YOUR TASK.
The listing must be copied out in full and exactly; no images go with it.

--- DATA FOR PROCESSING ---

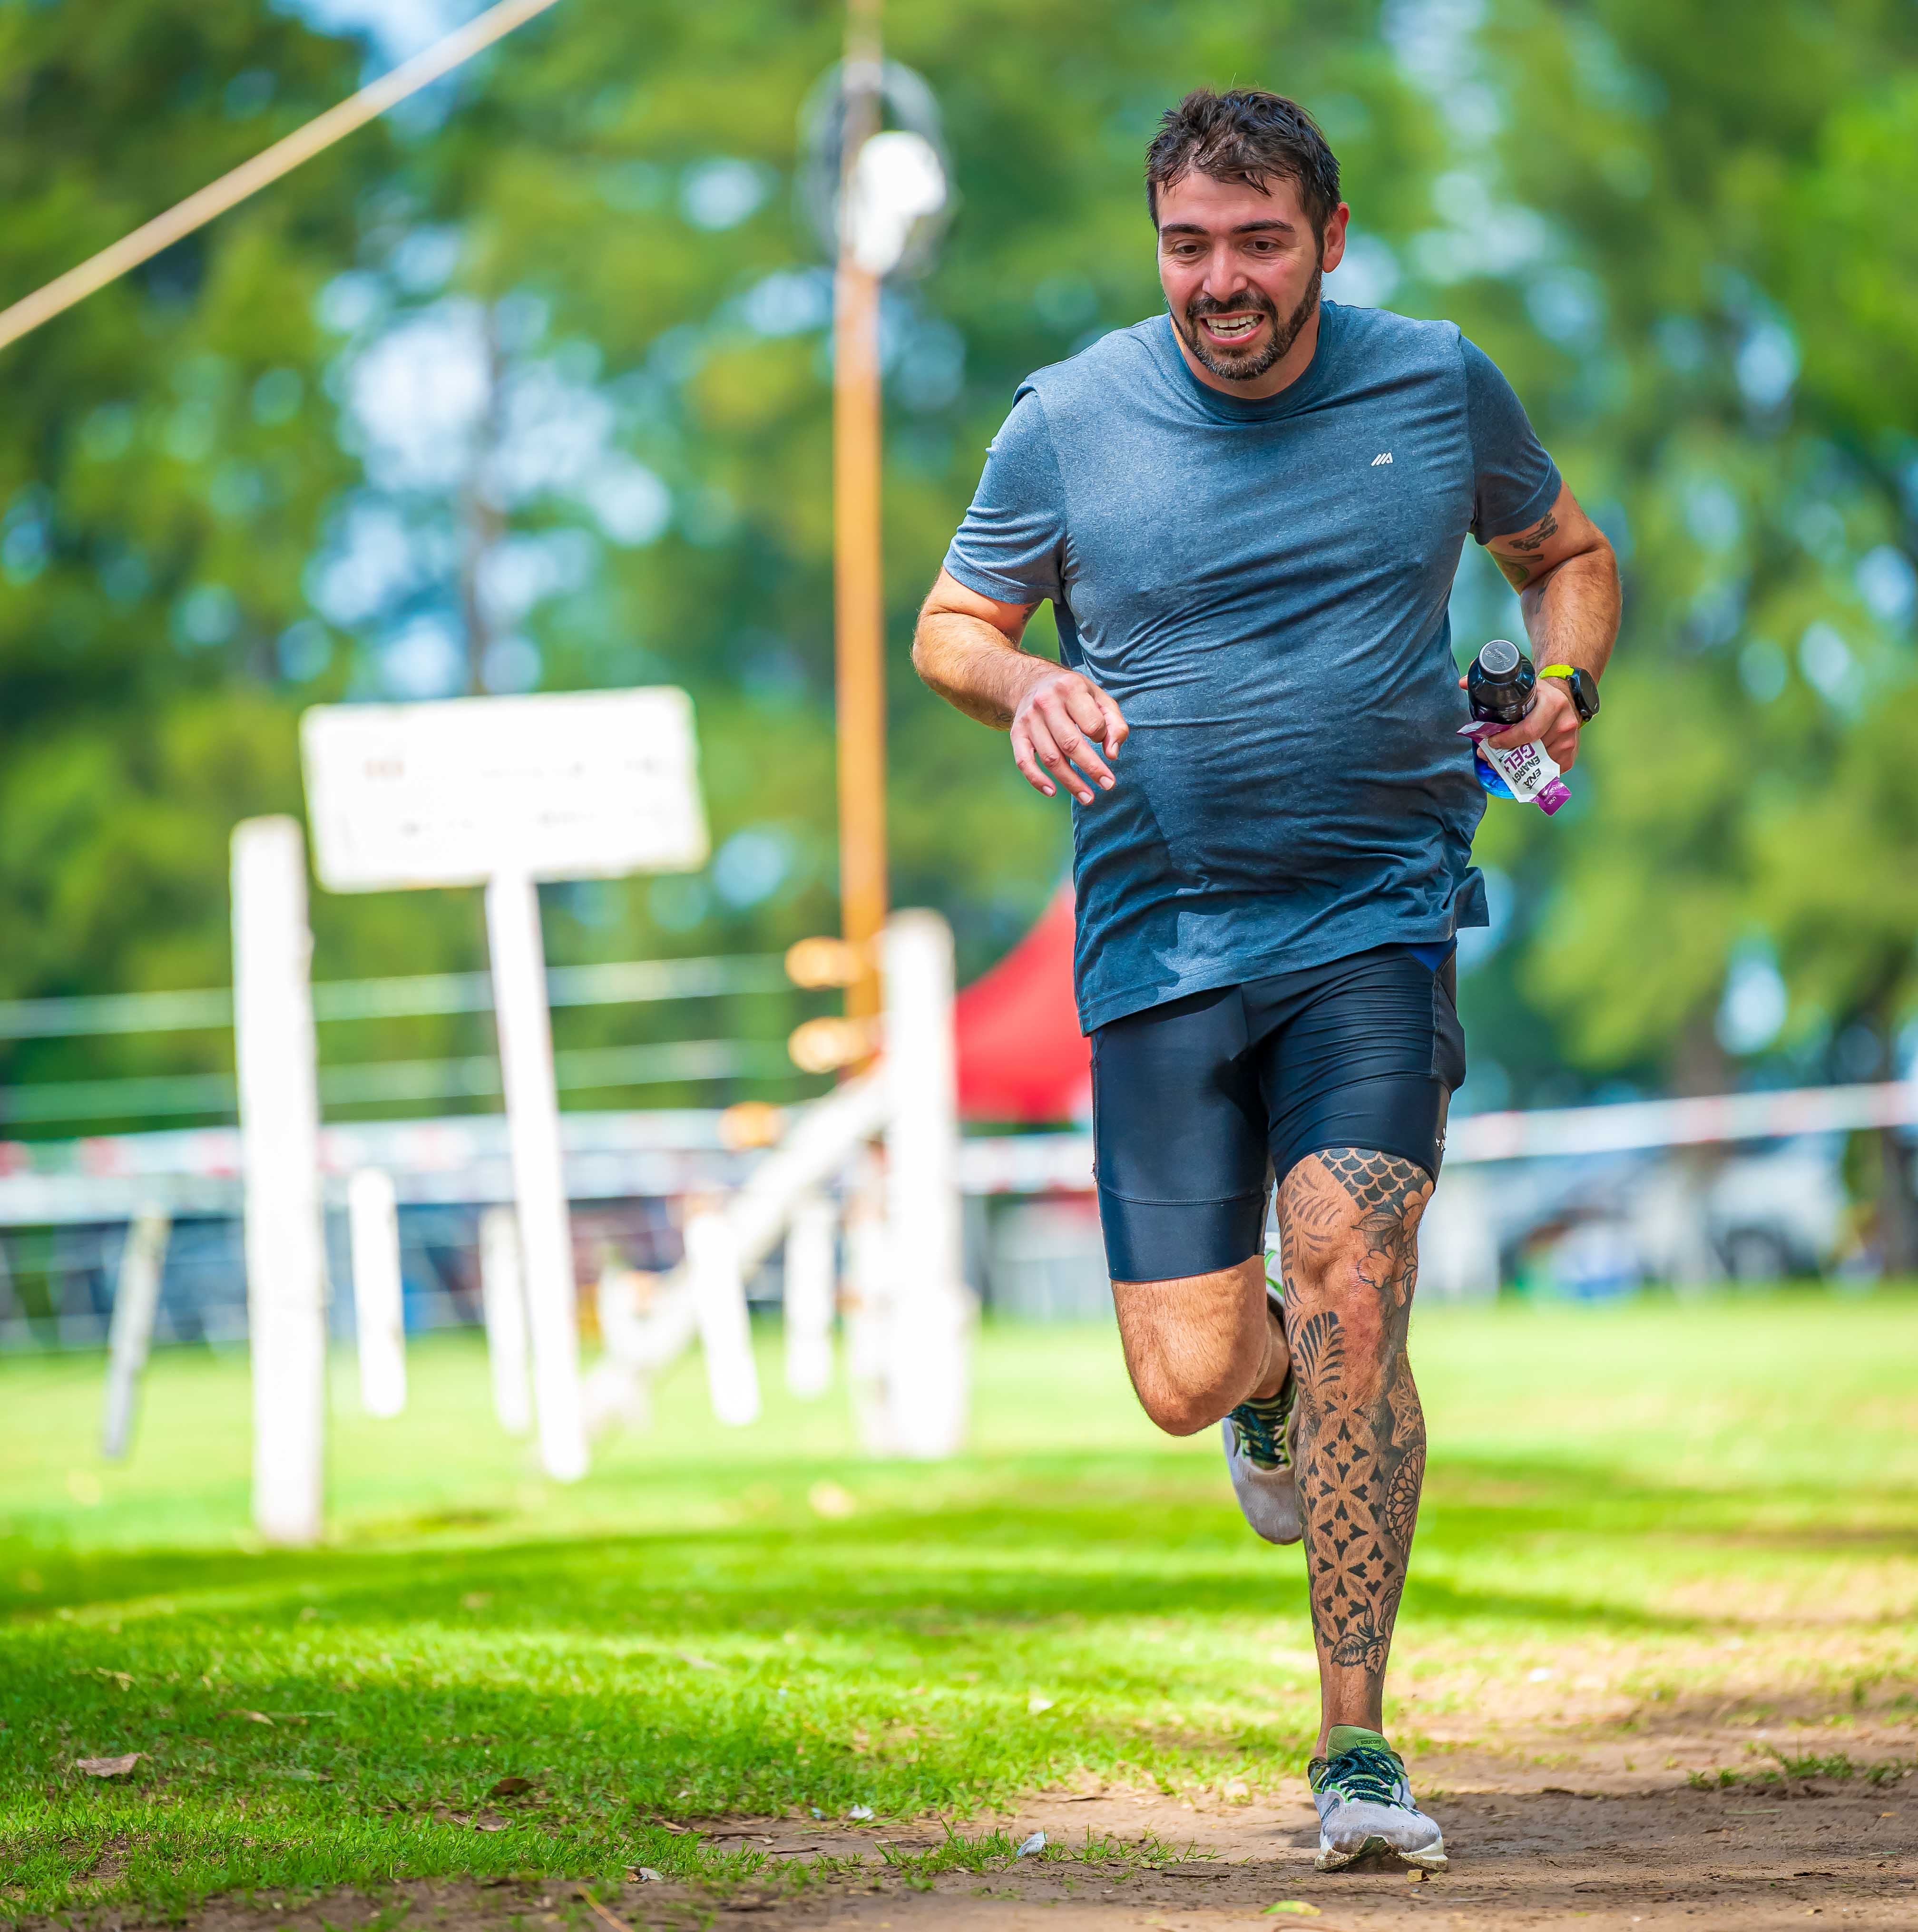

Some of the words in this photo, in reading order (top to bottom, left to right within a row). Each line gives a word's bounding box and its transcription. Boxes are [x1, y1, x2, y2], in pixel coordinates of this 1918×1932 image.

[1494, 648, 1510, 662] Company
[1503, 742, 1536, 773] GEL+
[1512, 755, 1541, 785] ENARGY
[1522, 768, 1542, 787] ENA
[1547, 796, 1557, 805] UVA
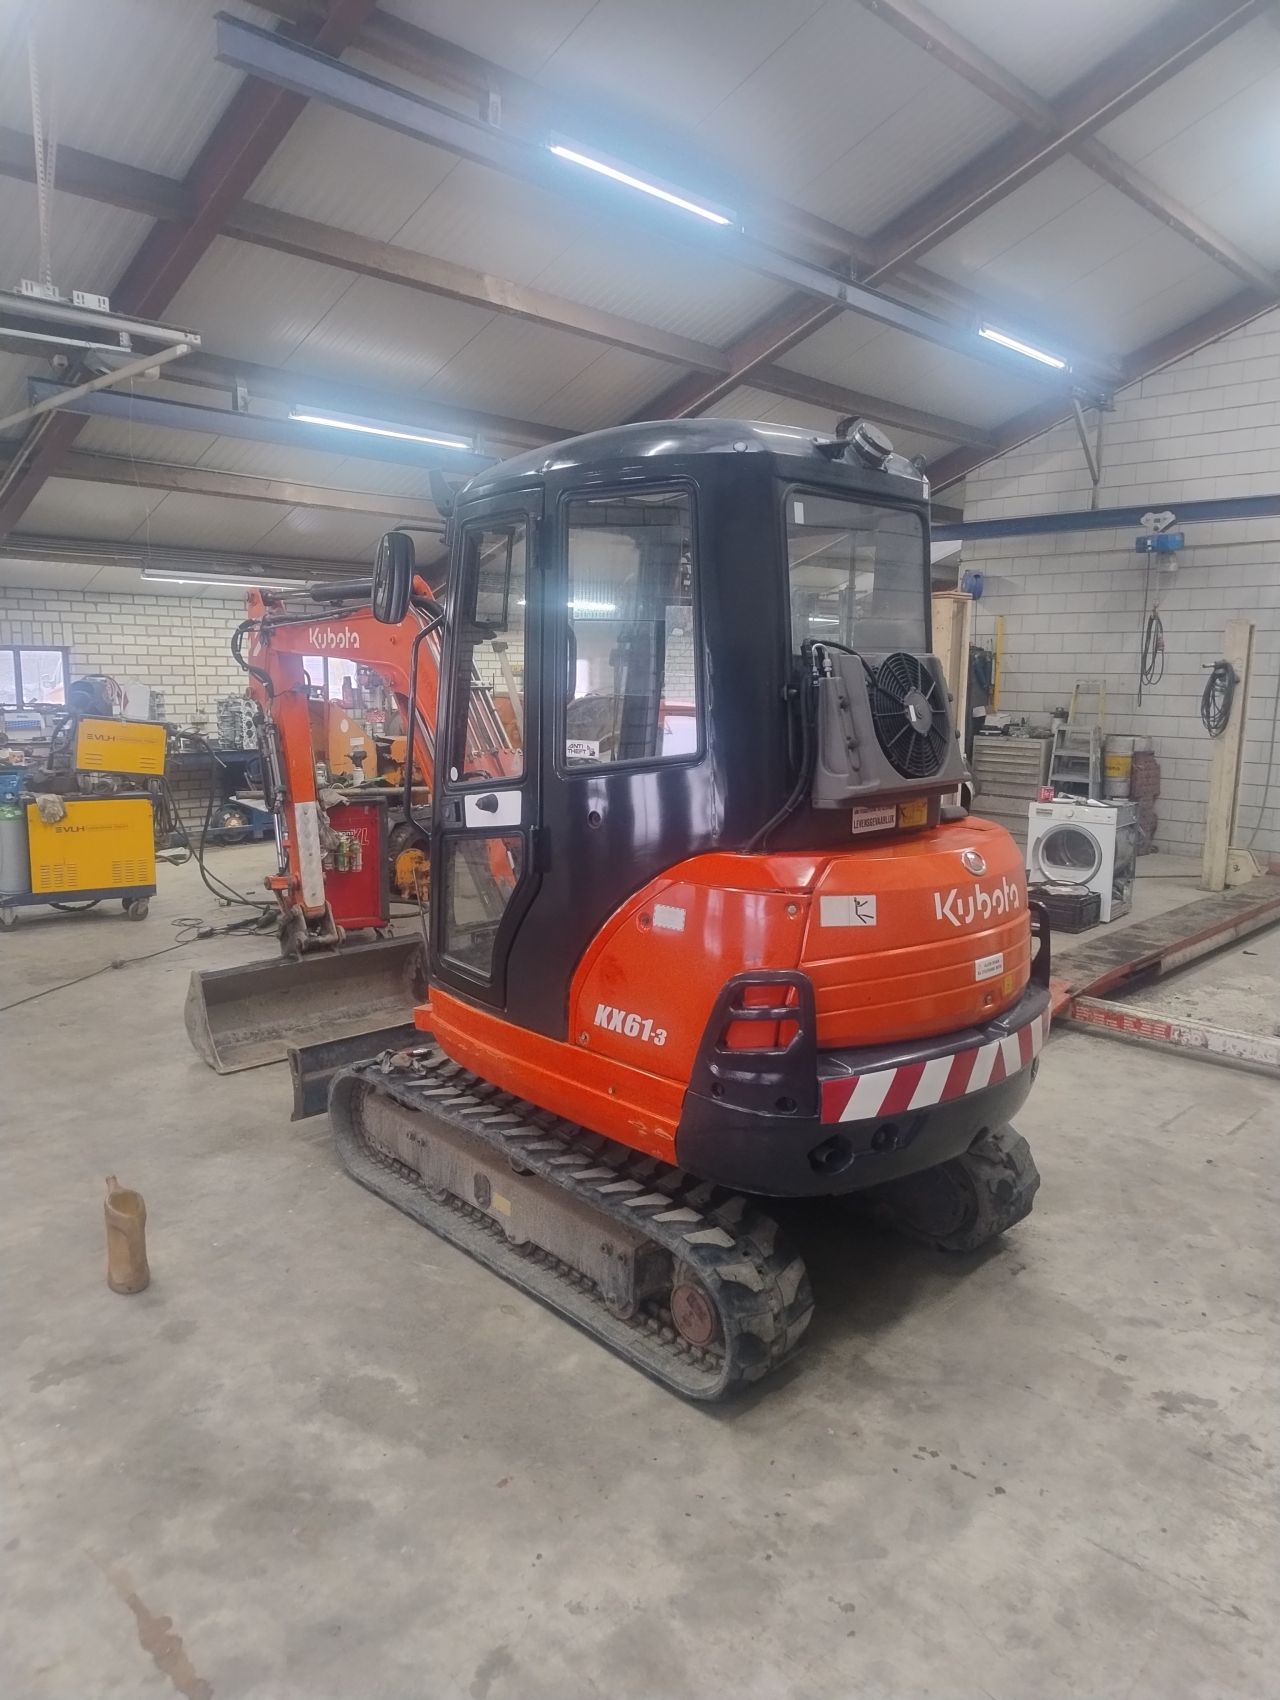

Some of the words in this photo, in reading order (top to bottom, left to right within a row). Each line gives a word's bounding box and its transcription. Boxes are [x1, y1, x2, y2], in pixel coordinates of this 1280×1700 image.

[309, 626, 360, 649] Kubota
[934, 876, 1020, 927] Kubota
[593, 1003, 668, 1046] KX61-3

---

ANSWER TO THIS TASK.
Some of the words in this photo, in reading order (top to bottom, left to right within a row). Each line gives a word's bounding box and its transcription. Boxes are [x1, y1, x2, y2], in pixel coordinates of this 1918×1932 image.

[1494, 648, 1510, 662] Company
[1503, 742, 1536, 773] GEL+
[1512, 755, 1541, 785] ENARGY
[1522, 768, 1542, 787] ENA
[1547, 796, 1557, 805] UVA

Some of the words in this photo, in reading order (top to bottom, left to right within a row). Each line gives a word's bounding box and its transcription. Boxes are [x1, y1, x2, y2], in pixel coordinates of this 1280×1700 image.

[309, 626, 360, 649] Kubota
[934, 876, 1020, 927] Kubota
[593, 1003, 668, 1046] KX61-3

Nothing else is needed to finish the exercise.